As Jackson and Ellery track down the links between Owens, Sonny and Ace, and US Navy Commander Karl Lacey, the men find themselves in the middle of a far-reaching conspiracy that threatens to take Ellery away from Jackson, something unthinkable and unacceptable. Fighting to uncover the truth, all the players converge in an abandoned military base in the desert and all hell breaks loose. The question is, who will walk away alive?

I went back and re-read the first two books in the series (as well as "Racing for the Sun") before tackling this one, and man-oh-man, was it worth it. It reminded me of why I adore Amy Lane so much, She has this knack for creating the most wonderfully flawed and broken characters who, against all the odds, find the one person who can help them heal and feel whole.
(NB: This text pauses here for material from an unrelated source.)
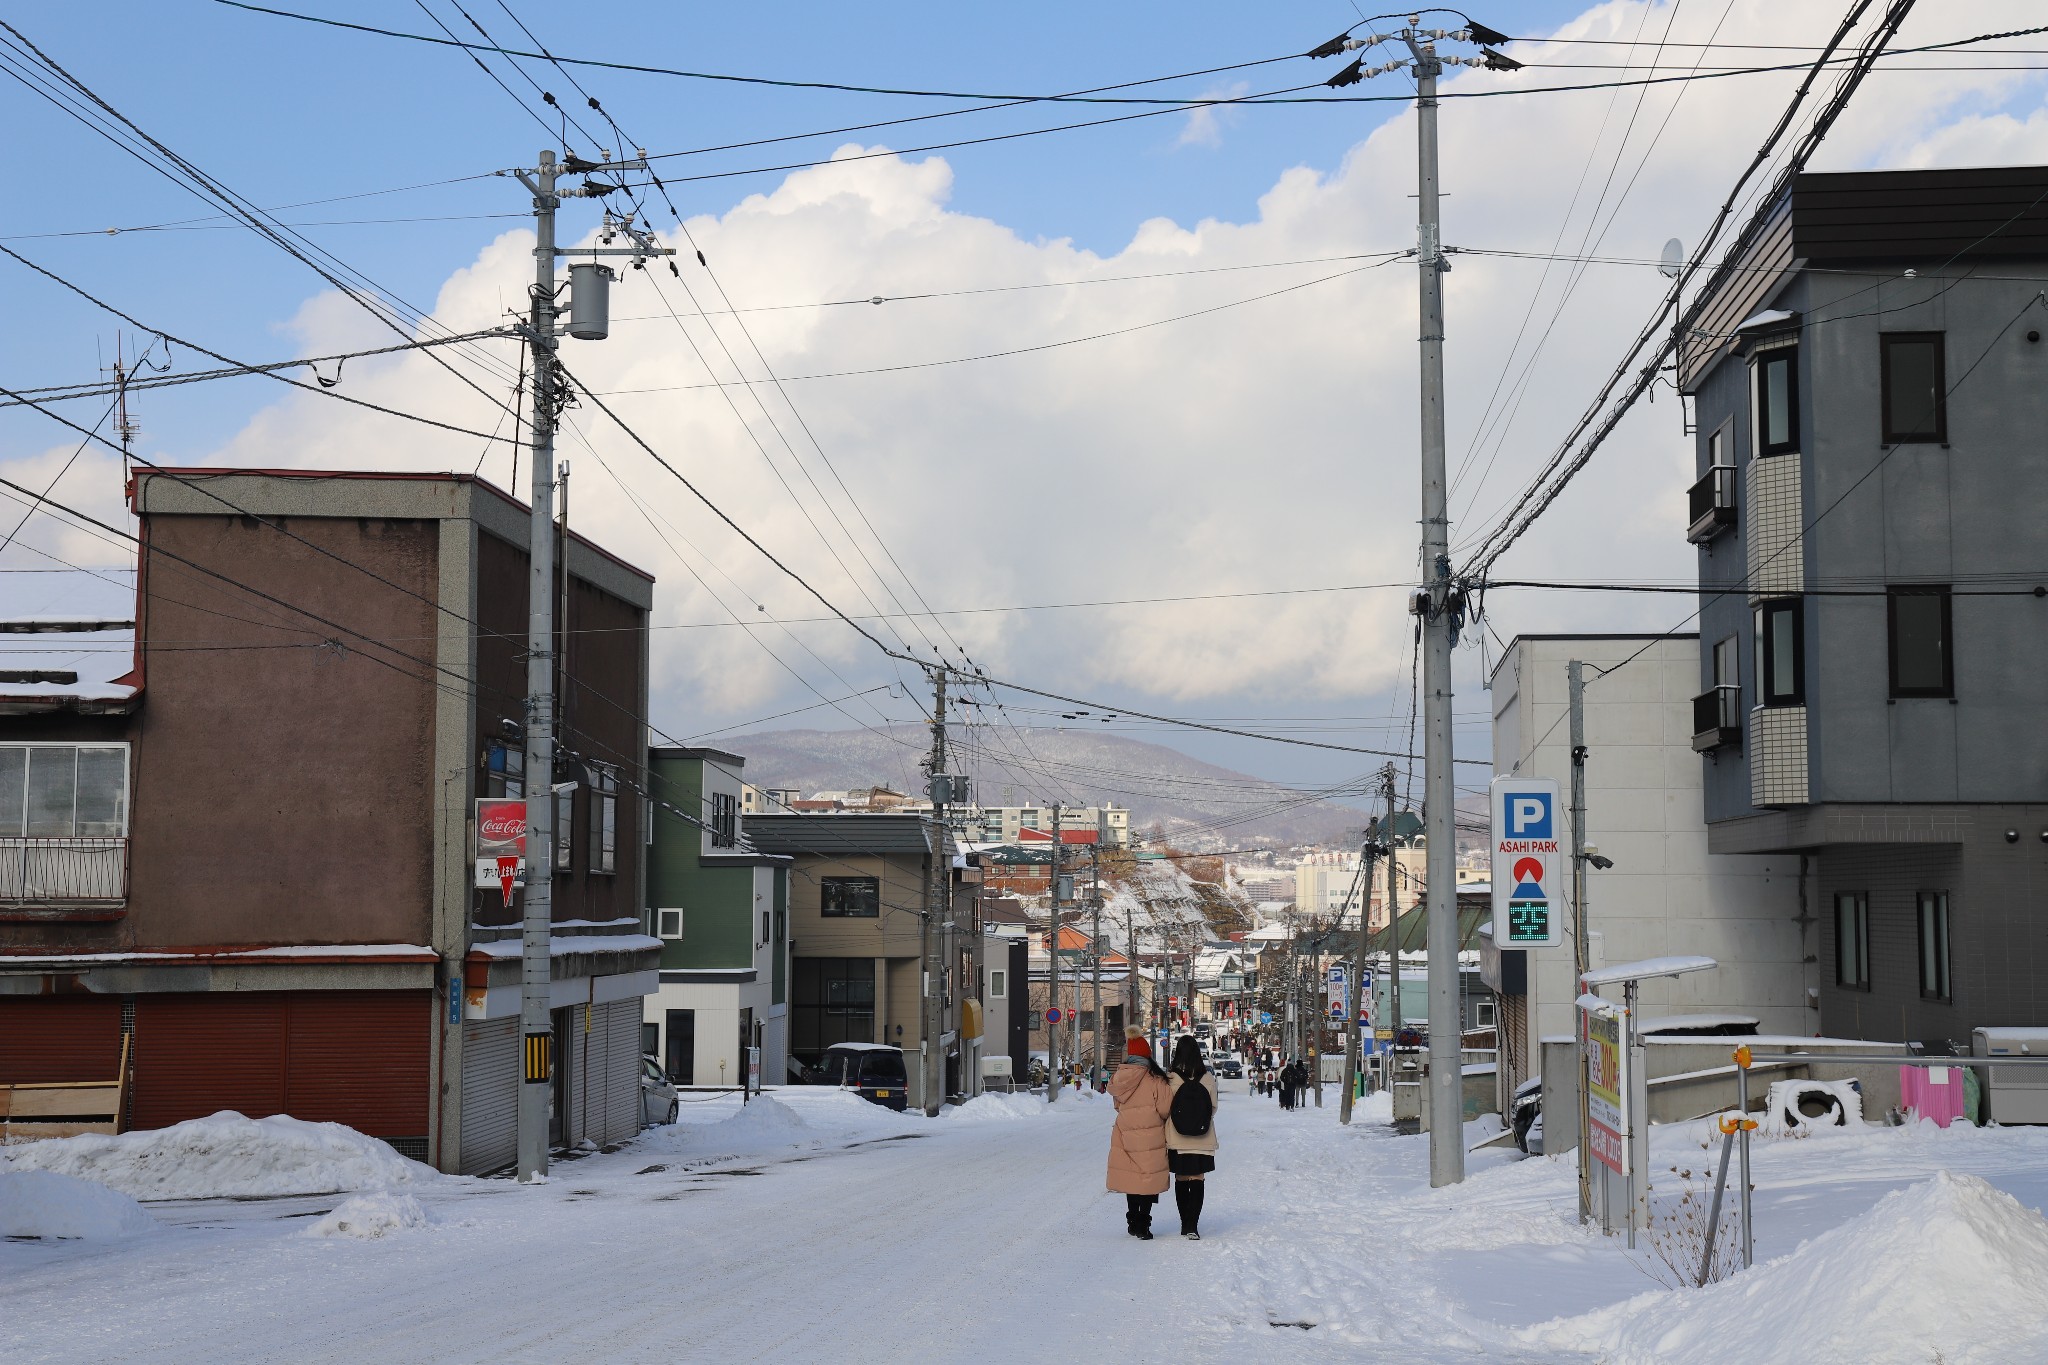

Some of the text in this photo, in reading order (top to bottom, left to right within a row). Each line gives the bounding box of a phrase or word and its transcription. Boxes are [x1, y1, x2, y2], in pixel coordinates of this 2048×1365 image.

That foundation allows her to throw her guys into the deep end of the crazy pool and allow them to sink or swim, but also shows them, and us, how strong even the most broken among us are.

And there's a lot of broken here. Jackson, raised by a tragic drug-addicted mother, but who managed to cobble a family together out of friends and hope. Ellery, whose mother is at once demanding, controlling and shrewish while at the same time so protective. Sonny, who is just all kinds of wrong and twisted, sharing a similar background to Jackson but without being able to find a savior as a child. Ace, who is at best a morally gray character but who will kill to save those he loves. And now we have two new men to add to the mix-Ernie, the psychic former foster kid who is targeted for death and thrown away by everyone at every chance, and Burt(on), the black ops assassin who is really a white knight of sorts. Six men, three pairings, and potentially, one big odd family.

We have the men, we have the romance, and we have the story line. Every action, every character, every line forms a part of the whole and man, what an ass-kicking whole it is. Amy takes all these pieces of yarn and knits them into this vibrant, textured fabric of love, loss, angst, hope, life and death.

But the best thing? While there's a lot of action here, it's ALL about the characters. All about fear of loss, hope of a lasting love, the grace of family, and simple human contact. Yes, a lot happens and it's a roller coaster ride, but at the end of the day, what we care about and what we want to see is that Jackson and Ellery are healing and trusting and moving past the bad things that happened to them and are together.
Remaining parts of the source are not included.